Woodleaf is an unincorporated community in Yuba County, California. It is located northeast of Challenge, at an elevation of 3133 feet.
A post office operated at Woodleaf from 1898 to 1971, with a closure from 1945 to 1947. Originally named after Charles Barker who settled here in 1850, the name now honors James Wood who bought the property in 1858.
Excerpts from: Woodleaf Legacy by Rosemarie Mossinger
Chapter Six
The Grand Hotel
The Barker House was found to be on the property originally claimed by John M. Abbott in the fall of 1853. Abbott had built a house and barns nearby.
Joseph Wood had returned to California with his second wife Susan and her daughter Alice. This was Joseph's third cross-country trip. On a previous trip in 1845 he had lost his entire family on the overland journey. On November 4, 1853 in Marysville courthouse, a deed was granted to Joseph Wood for the "Abbott House, all out houses, stables, corrals, household and kitchen furnishings including bar fixrutes, blanktes, cots" for $3,500. The deed also described an enormous 60 ft x 18 ft woodshed.
The proceeds from selling his Lafayettte House, sometimes called the La Fayette Mountaineer Hotel, in Forbsetown paid for Abbott House.
By this time Forbestown was the largest town in the area, with hotels, saloons, doctors, a Justice of the Peace, shoe shops, a water company, general merchandise stores and even a brass band. Nearby Brownsville was growing too, with a lumber mill, cemetery, hotel and shops.

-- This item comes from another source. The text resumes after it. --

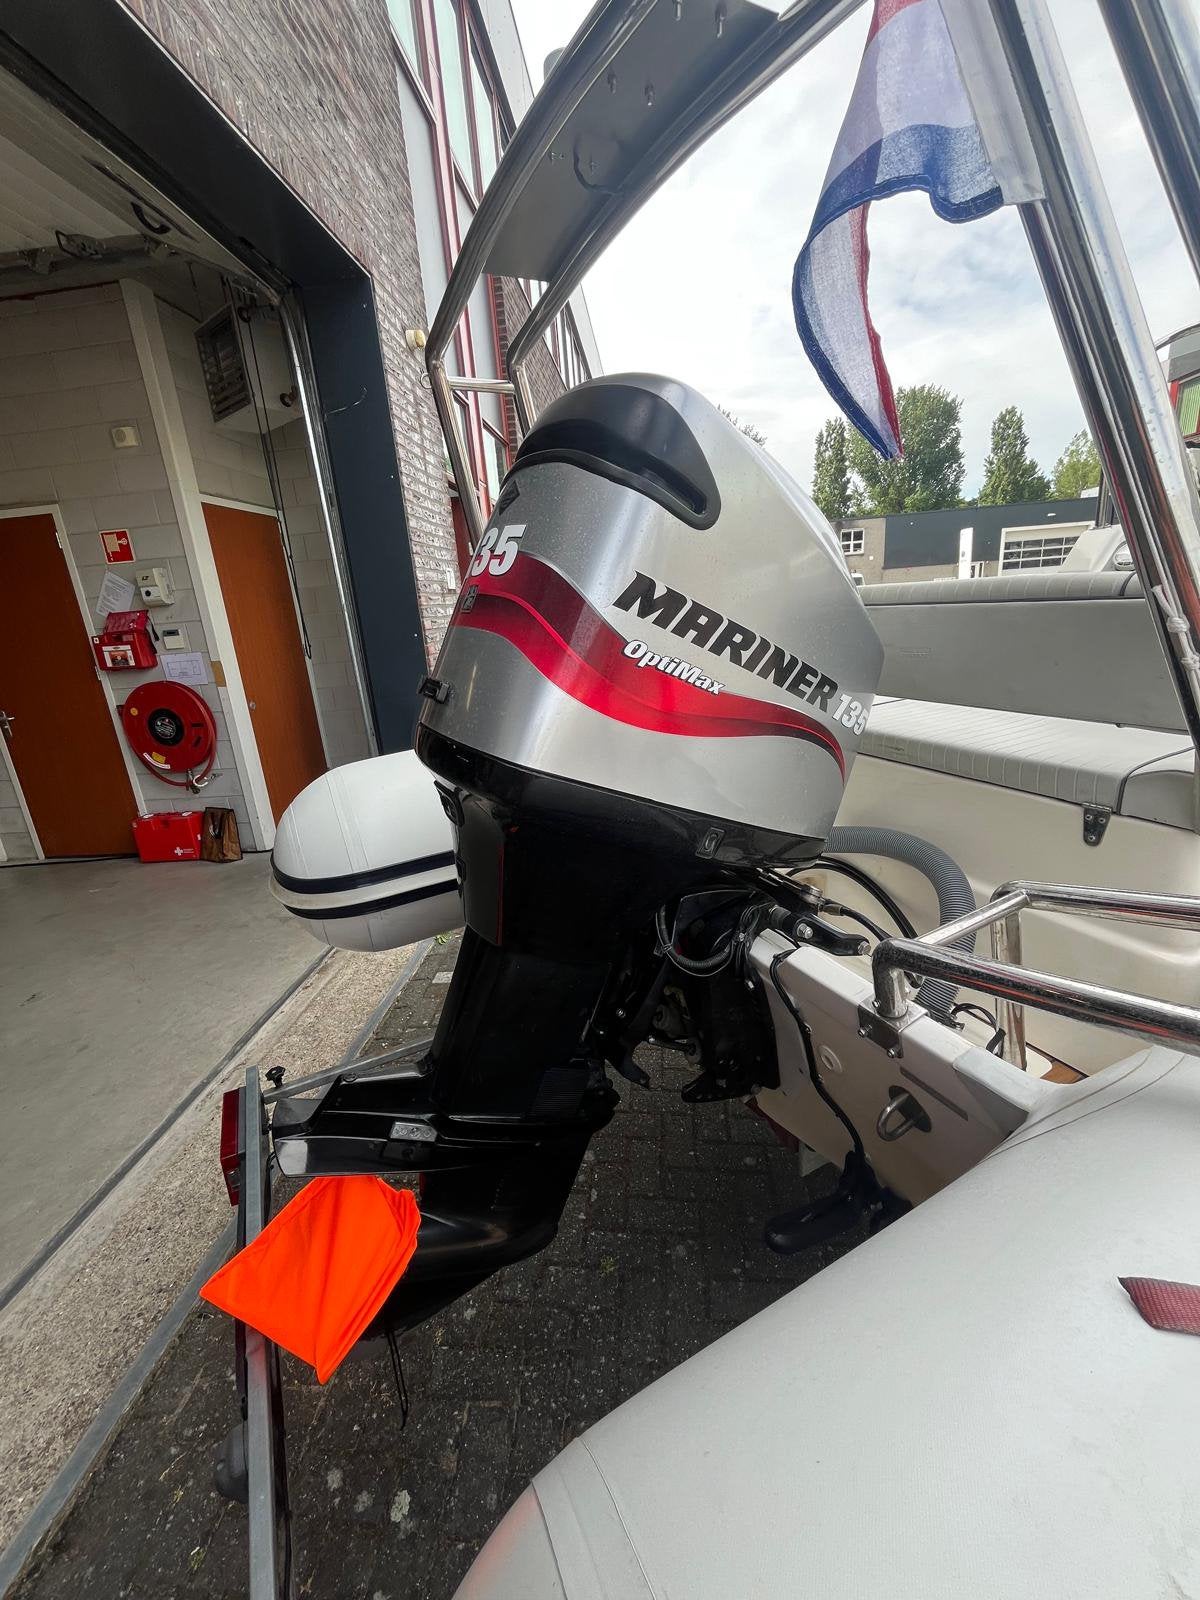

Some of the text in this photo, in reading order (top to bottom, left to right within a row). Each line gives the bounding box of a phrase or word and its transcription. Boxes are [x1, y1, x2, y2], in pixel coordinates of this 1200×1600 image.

It wasn't long before Abbott House had a new name - Woodville. Joseph constructed a barn made of hand-hewn beams measuring sixteen to twenty inches thick and fitted with mortise and tenon joints fastened by hand-carved wooden pegs. The barn measured fifty by eighty feet and handled up to sixty thousand pounds of freight daily. The trails connecting California to the rest of the states, ran right through Woodville. In 1855 rumors spread of a National Wagon Road system, so Joseph had drawn up plans for a grand hotel.
Joseph P. Wood had learned brickmaking, masonry and carpentry from his father, who had built a large mansion in Ohio, that the family had run as a hotel, coach station and tavern. This home is on the National Registry.
In 1856, Wood petitioned the U.S. Post Office Department to make a post office at Woodville, with Joseph being its Postmaster.
Stagecoaches arrived carrying weary travelers and, as improvements to the hotel were made, business flourished.
copyright Carl Mautz Publishing 1995
Young Life operates a camp in Woodleaf.